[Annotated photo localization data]
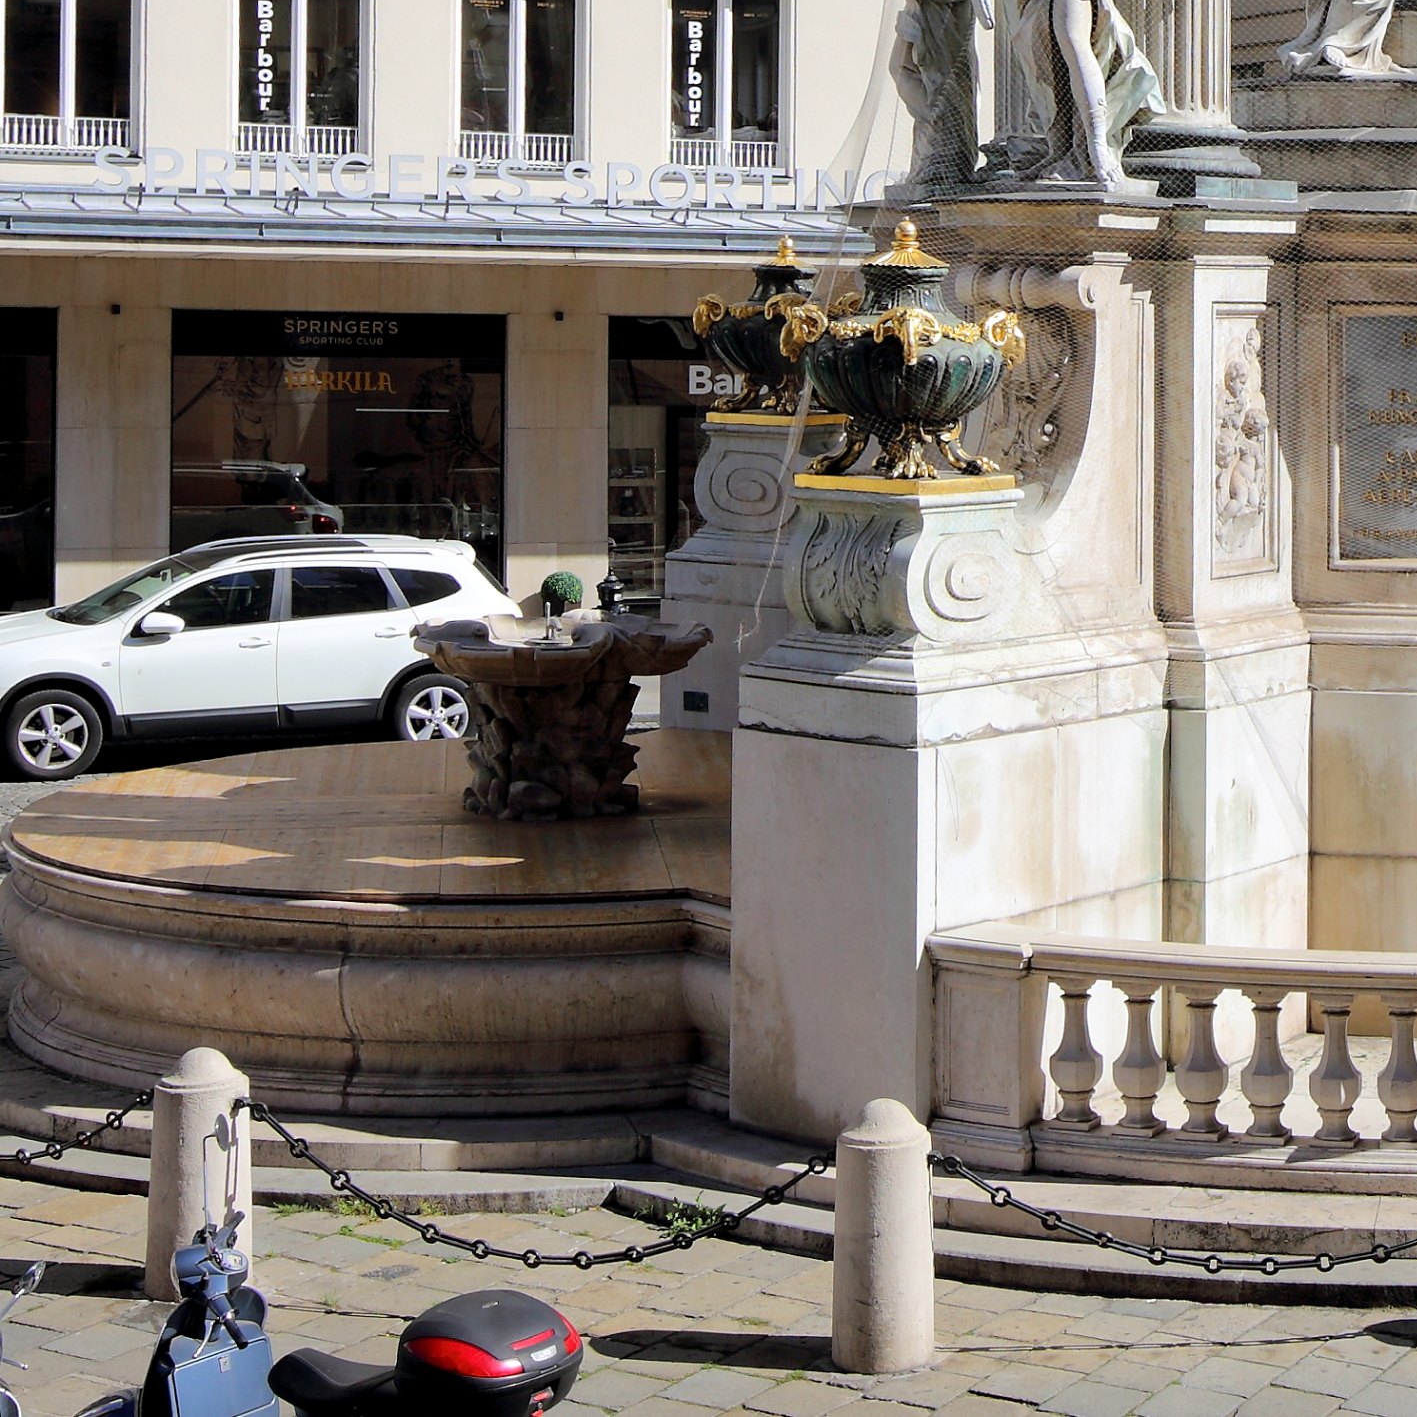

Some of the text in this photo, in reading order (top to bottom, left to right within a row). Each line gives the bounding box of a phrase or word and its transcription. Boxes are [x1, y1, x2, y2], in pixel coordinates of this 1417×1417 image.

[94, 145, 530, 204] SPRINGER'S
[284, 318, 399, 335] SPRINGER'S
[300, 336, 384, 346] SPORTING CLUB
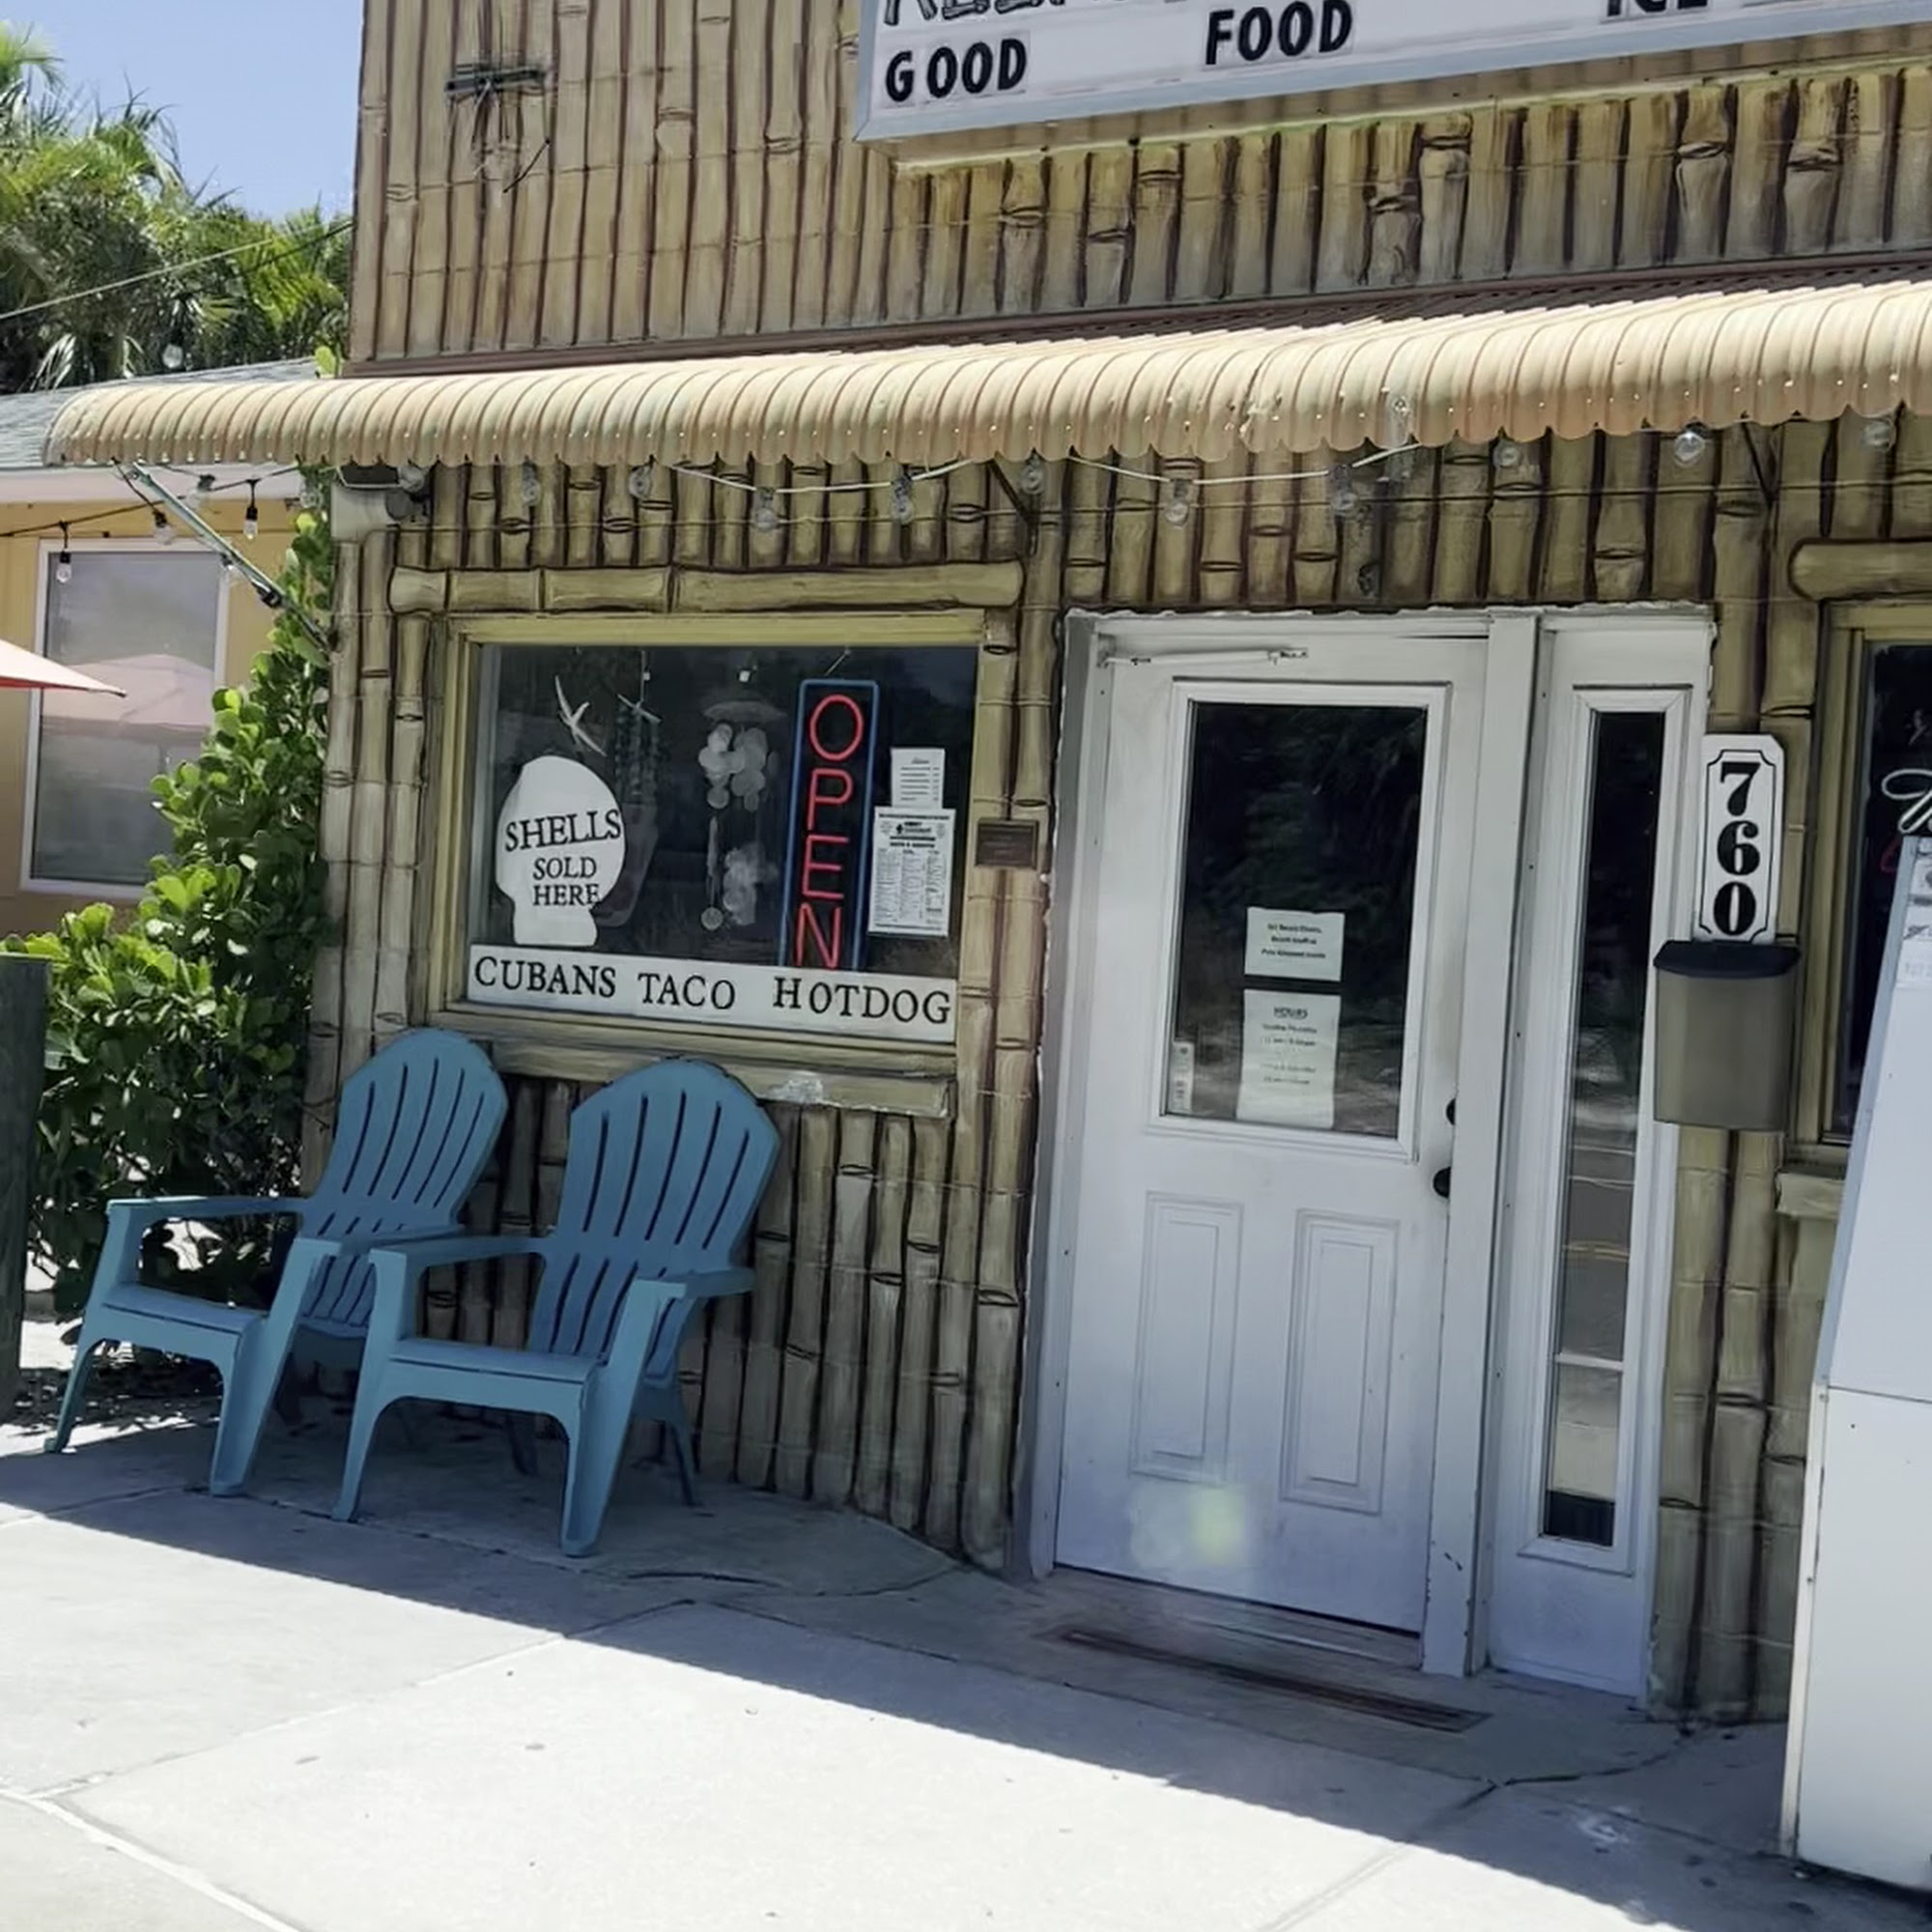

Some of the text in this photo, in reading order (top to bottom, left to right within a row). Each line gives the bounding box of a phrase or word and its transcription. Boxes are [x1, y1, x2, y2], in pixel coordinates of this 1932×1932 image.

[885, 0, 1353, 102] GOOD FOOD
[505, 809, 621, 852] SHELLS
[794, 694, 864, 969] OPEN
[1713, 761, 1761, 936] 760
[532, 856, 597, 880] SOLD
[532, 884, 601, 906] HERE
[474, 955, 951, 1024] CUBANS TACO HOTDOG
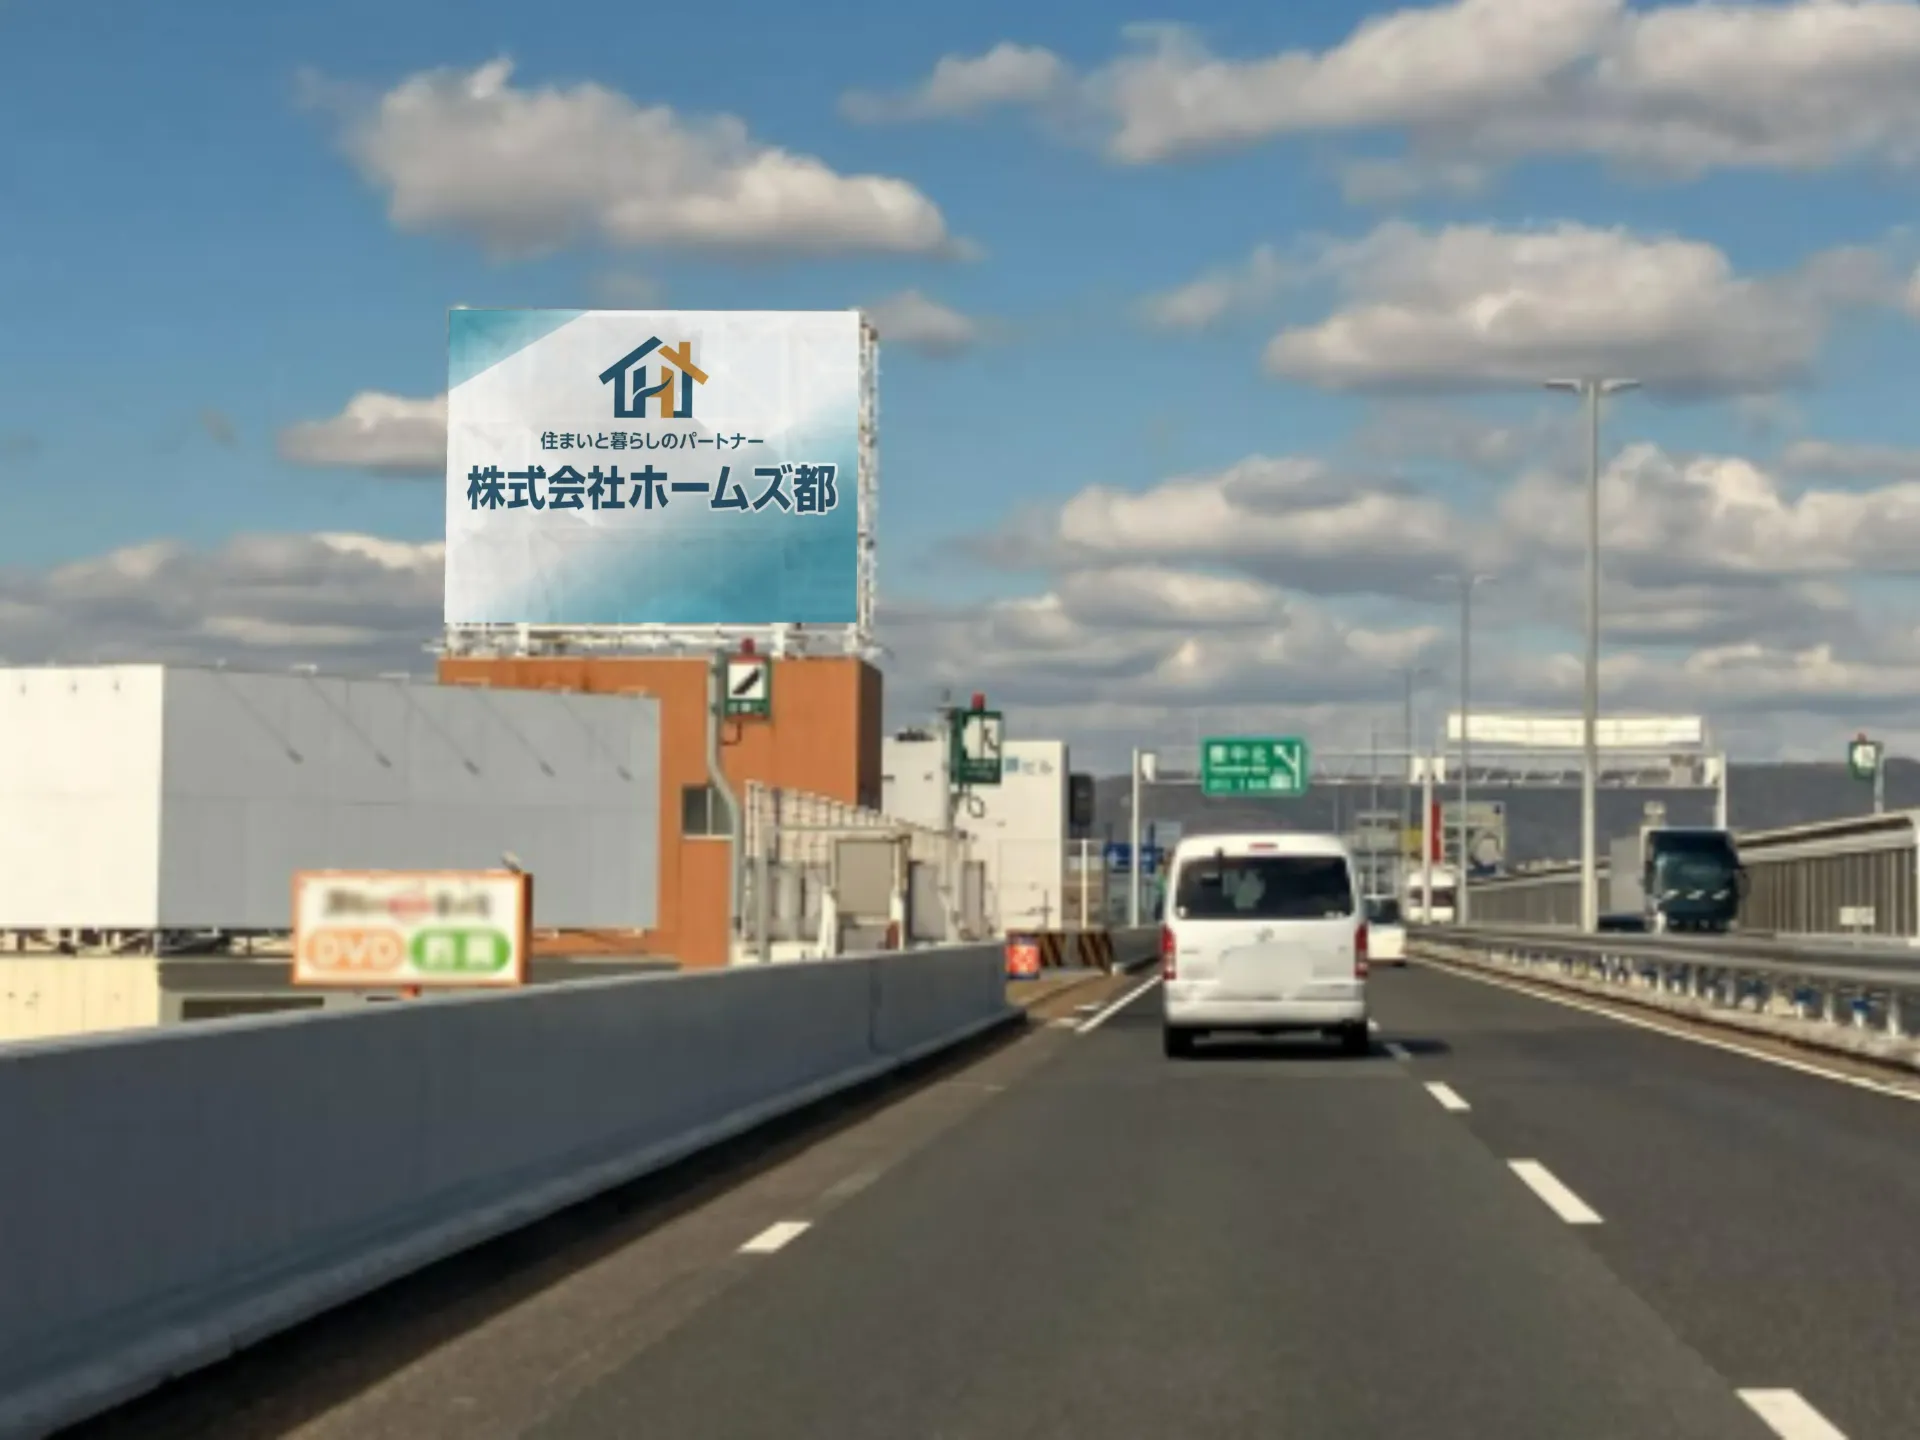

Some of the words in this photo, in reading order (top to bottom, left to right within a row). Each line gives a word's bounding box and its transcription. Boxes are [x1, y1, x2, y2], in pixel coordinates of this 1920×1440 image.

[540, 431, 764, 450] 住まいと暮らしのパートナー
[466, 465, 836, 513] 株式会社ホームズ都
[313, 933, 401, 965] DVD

**Prompt:** Please return all of the entries word for word, excluding the pictures.

**Output of the task:**
Some of the text in this photo, in reading order (top to bottom, left to right within a row). Each line gives the bounding box of a phrase or word and its transcription. Boxes are [x1, y1, x2, y2], in pixel coordinates of this 1417×1417 image.

[94, 145, 530, 204] SPRINGER'S
[284, 318, 399, 335] SPRINGER'S
[300, 336, 384, 346] SPORTING CLUB

Some of the text in this photo, in reading order (top to bottom, left to right within a row). Each line gives the bounding box of a phrase or word and its transcription. Boxes are [x1, y1, x2, y2], in pixel coordinates of this 1932×1932 image.

[885, 0, 1353, 102] GOOD FOOD
[505, 809, 621, 852] SHELLS
[794, 694, 864, 969] OPEN
[1713, 761, 1761, 936] 760
[532, 856, 597, 880] SOLD
[532, 884, 601, 906] HERE
[474, 955, 951, 1024] CUBANS TACO HOTDOG

Some of the words in this photo, in reading order (top to bottom, left to right within a row). Each line gives a word's bounding box and its transcription. Boxes are [x1, y1, x2, y2], in pixel coordinates of this 1920×1440 image.

[540, 431, 764, 450] 住まいと暮らしのパートナー
[466, 465, 836, 513] 株式会社ホームズ都
[313, 933, 401, 965] DVD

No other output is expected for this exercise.